■ Instructions to follow
Exactly repeat all the records below, omitting the images they hold.

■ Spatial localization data
□ □ □ □
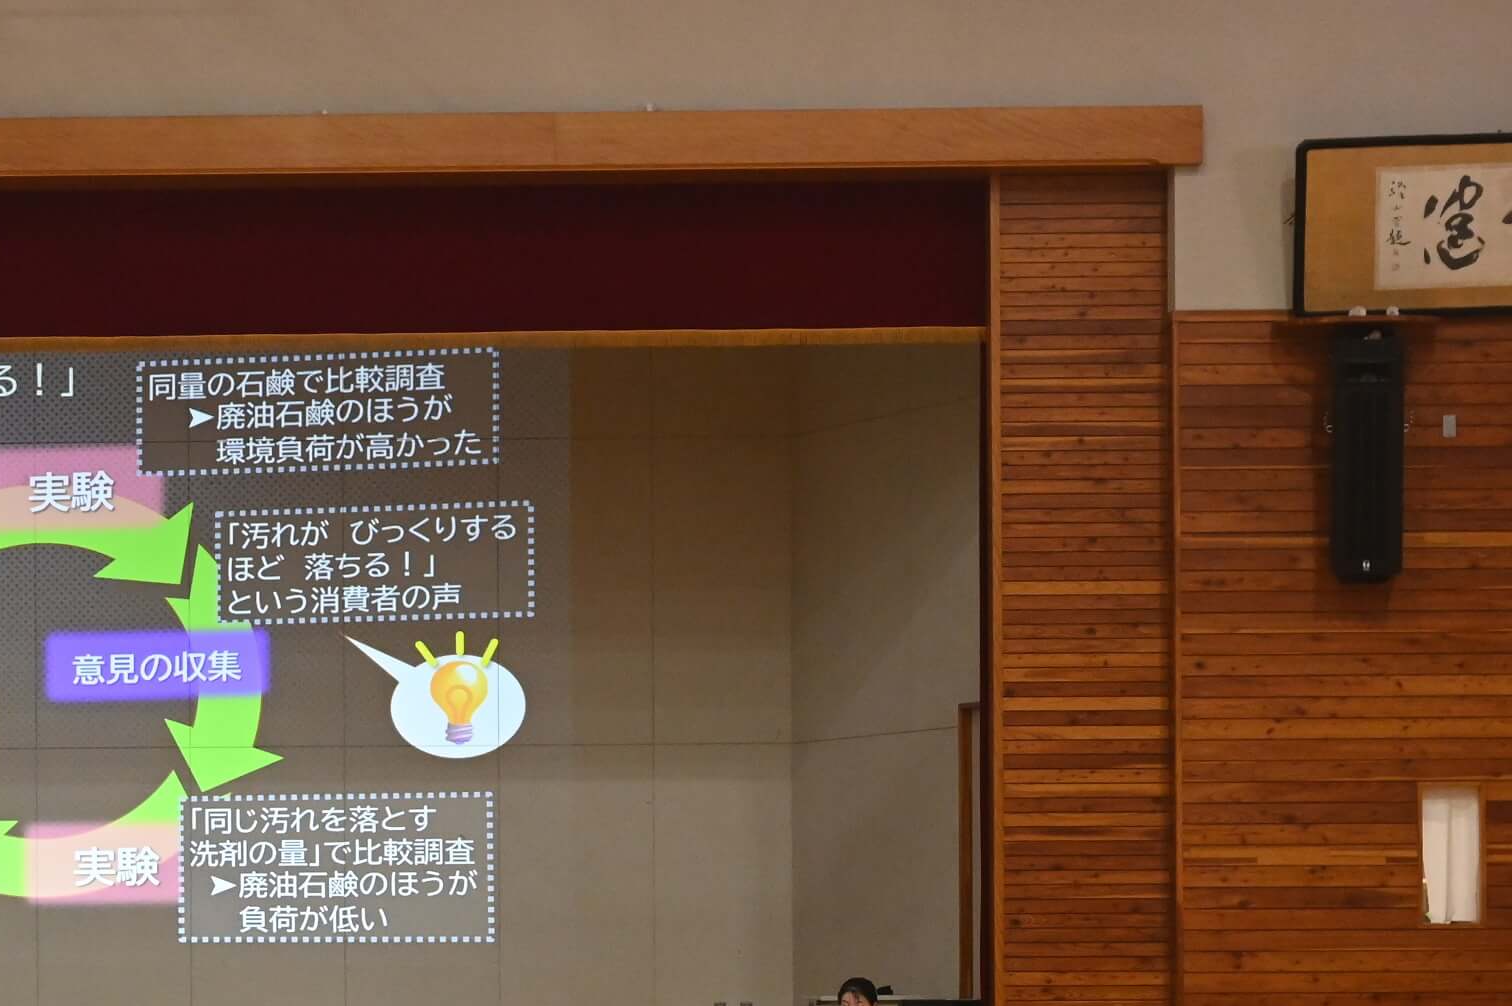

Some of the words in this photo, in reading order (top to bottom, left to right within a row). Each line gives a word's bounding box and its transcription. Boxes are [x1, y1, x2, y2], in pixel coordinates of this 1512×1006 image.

[148, 363, 446, 402] 同量の石鹸で比較調査
[216, 394, 453, 431] 廃油石鹸のほうが
[216, 429, 483, 466] 環境負荷が高かった
[28, 472, 116, 516] 実験
[227, 554, 286, 582] ほど
[227, 582, 462, 615] という消費者の声
[71, 649, 243, 686] 意見の収集
[190, 804, 437, 835] 「同じ汚れを落とす
[73, 845, 161, 888] 実験
[189, 836, 476, 868] 洗剤の量」で比較調査
[238, 869, 478, 900] 廃油石鹸のほうが
[238, 904, 389, 934] 負荷が低い
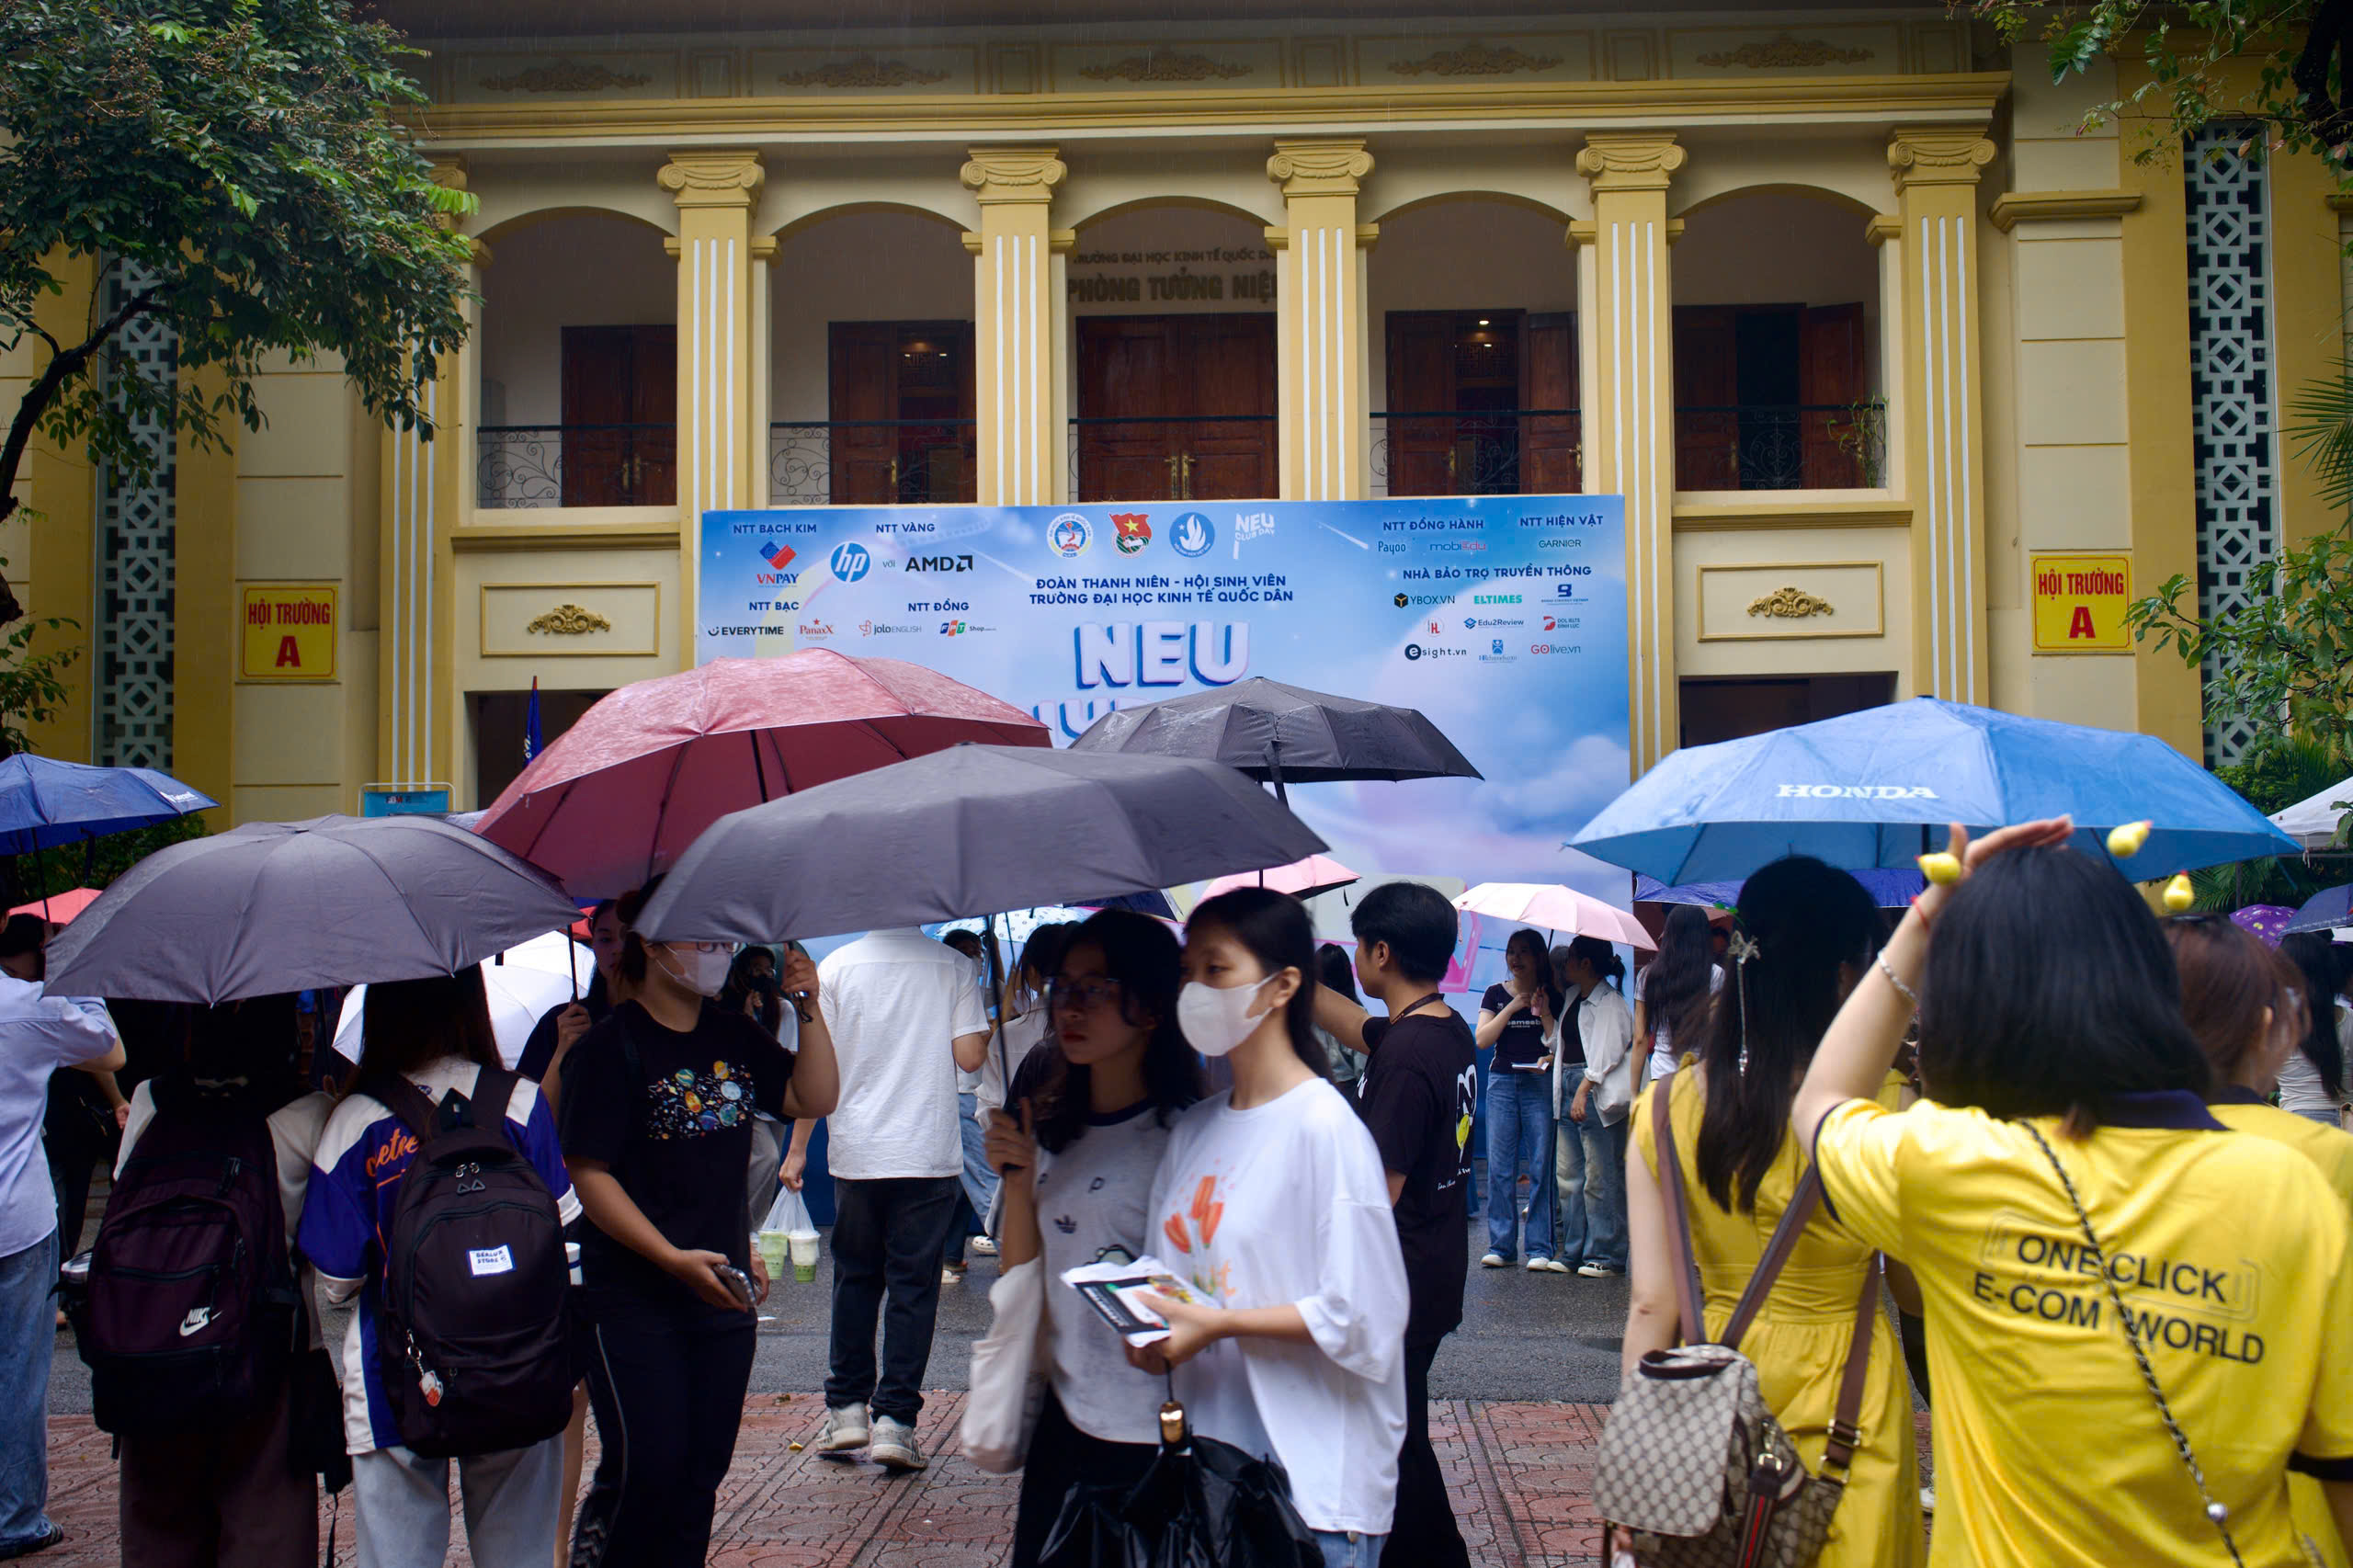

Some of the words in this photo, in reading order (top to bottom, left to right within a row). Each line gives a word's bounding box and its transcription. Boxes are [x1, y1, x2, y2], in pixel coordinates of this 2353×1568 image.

[1146, 251, 1170, 266] HỌC
[1174, 250, 1204, 263] KINH
[1206, 246, 1221, 262] TẾ
[1222, 247, 1256, 263] QUỐC
[1067, 273, 1141, 302] PHÒNG
[876, 524, 898, 533] NTT
[902, 522, 935, 532] VÀNG
[1234, 513, 1275, 533] NEU
[1383, 521, 1405, 530] NTT
[1409, 517, 1445, 530] ĐỒNG
[1449, 517, 1483, 529] HÀNH
[1520, 517, 1542, 527] NTT
[1546, 515, 1574, 528] HIỆN
[1579, 514, 1604, 527] VẬT
[733, 524, 756, 534] NTT
[759, 524, 791, 535] BẠCH
[796, 524, 817, 533] KIM
[1234, 530, 1257, 541] CLUB
[1378, 540, 1406, 555] Payoo
[1429, 540, 1486, 551] mobiEdu
[834, 541, 864, 583] hp
[905, 556, 954, 572] AMD
[1403, 567, 1430, 579] NHÀ
[1435, 566, 1461, 579] BẢO
[1464, 568, 1489, 580] TRỢ
[1494, 562, 1542, 577] TRUYỀN
[1547, 564, 1592, 576] THÔNG
[756, 574, 800, 585] VNPAY
[1036, 576, 1076, 589] ĐOÀN
[1082, 578, 1131, 588] THANH
[1135, 574, 1169, 587] NIÊN
[1184, 574, 1209, 589] HỘI
[1214, 576, 1247, 586] SINH
[1252, 574, 1286, 586] VIÊN
[2038, 568, 2063, 601] HỘI
[2066, 567, 2124, 596] TRƯỜNG
[908, 602, 930, 611] NTT
[933, 597, 970, 611] ĐỒNG
[1029, 591, 1088, 605] TRƯỜNG
[1093, 594, 1118, 606] ĐẠI
[1122, 593, 1153, 606] HỌC
[1157, 593, 1192, 603] KINH
[1197, 587, 1215, 602] TẾ
[1218, 587, 1259, 602] QUỐC
[1264, 588, 1293, 601] DÂN
[1410, 595, 1455, 605] YBOX.VN
[1473, 595, 1523, 605] ELTIMES
[248, 597, 271, 630] HỘI
[276, 597, 331, 626] TRƯỜNG
[749, 602, 771, 610] NTT
[775, 602, 800, 613] BẠC
[800, 625, 835, 635] PanaxX
[940, 622, 965, 634] FPT
[2068, 606, 2096, 639] A
[722, 626, 784, 636] EVERYTIME
[275, 635, 301, 667] A
[1074, 620, 1250, 689] NEU
[1775, 784, 1940, 799] HONDA
[2017, 1235, 2102, 1278] ONE
[2109, 1252, 2230, 1303] CLICK
[1973, 1271, 2102, 1329] E-COM
[2126, 1306, 2265, 1365] WORLD
□ □ □ □
■ Written response
Some of the words in this photo, in reading order (top to bottom, left to right within a row). Each line gives a word's bounding box and its transcription. Boxes are [x1, y1, x2, y2], in pixel coordinates of this 1512×1006 image.

[148, 363, 446, 402] 同量の石鹸で比較調査
[216, 394, 453, 431] 廃油石鹸のほうが
[216, 429, 483, 466] 環境負荷が高かった
[28, 472, 116, 516] 実験
[227, 554, 286, 582] ほど
[227, 582, 462, 615] という消費者の声
[71, 649, 243, 686] 意見の収集
[190, 804, 437, 835] 「同じ汚れを落とす
[73, 845, 161, 888] 実験
[189, 836, 476, 868] 洗剤の量」で比較調査
[238, 869, 478, 900] 廃油石鹸のほうが
[238, 904, 389, 934] 負荷が低い

Some of the words in this photo, in reading order (top to bottom, left to right within a row). Each line gives a word's bounding box and its transcription. Boxes are [x1, y1, x2, y2], in pixel coordinates of this 2353×1568 image.

[1146, 251, 1170, 266] HỌC
[1174, 250, 1204, 263] KINH
[1206, 246, 1221, 262] TẾ
[1222, 247, 1256, 263] QUỐC
[1067, 273, 1141, 302] PHÒNG
[876, 524, 898, 533] NTT
[902, 522, 935, 532] VÀNG
[1234, 513, 1275, 533] NEU
[1383, 521, 1405, 530] NTT
[1409, 517, 1445, 530] ĐỒNG
[1449, 517, 1483, 529] HÀNH
[1520, 517, 1542, 527] NTT
[1546, 515, 1574, 528] HIỆN
[1579, 514, 1604, 527] VẬT
[733, 524, 756, 534] NTT
[759, 524, 791, 535] BẠCH
[796, 524, 817, 533] KIM
[1234, 530, 1257, 541] CLUB
[1378, 540, 1406, 555] Payoo
[1429, 540, 1486, 551] mobiEdu
[834, 541, 864, 583] hp
[905, 556, 954, 572] AMD
[1403, 567, 1430, 579] NHÀ
[1435, 566, 1461, 579] BẢO
[1464, 568, 1489, 580] TRỢ
[1494, 562, 1542, 577] TRUYỀN
[1547, 564, 1592, 576] THÔNG
[756, 574, 800, 585] VNPAY
[1036, 576, 1076, 589] ĐOÀN
[1082, 578, 1131, 588] THANH
[1135, 574, 1169, 587] NIÊN
[1184, 574, 1209, 589] HỘI
[1214, 576, 1247, 586] SINH
[1252, 574, 1286, 586] VIÊN
[2038, 568, 2063, 601] HỘI
[2066, 567, 2124, 596] TRƯỜNG
[908, 602, 930, 611] NTT
[933, 597, 970, 611] ĐỒNG
[1029, 591, 1088, 605] TRƯỜNG
[1093, 594, 1118, 606] ĐẠI
[1122, 593, 1153, 606] HỌC
[1157, 593, 1192, 603] KINH
[1197, 587, 1215, 602] TẾ
[1218, 587, 1259, 602] QUỐC
[1264, 588, 1293, 601] DÂN
[1410, 595, 1455, 605] YBOX.VN
[1473, 595, 1523, 605] ELTIMES
[248, 597, 271, 630] HỘI
[276, 597, 331, 626] TRƯỜNG
[749, 602, 771, 610] NTT
[775, 602, 800, 613] BẠC
[800, 625, 835, 635] PanaxX
[940, 622, 965, 634] FPT
[2068, 606, 2096, 639] A
[722, 626, 784, 636] EVERYTIME
[275, 635, 301, 667] A
[1074, 620, 1250, 689] NEU
[1775, 784, 1940, 799] HONDA
[2017, 1235, 2102, 1278] ONE
[2109, 1252, 2230, 1303] CLICK
[1973, 1271, 2102, 1329] E-COM
[2126, 1306, 2265, 1365] WORLD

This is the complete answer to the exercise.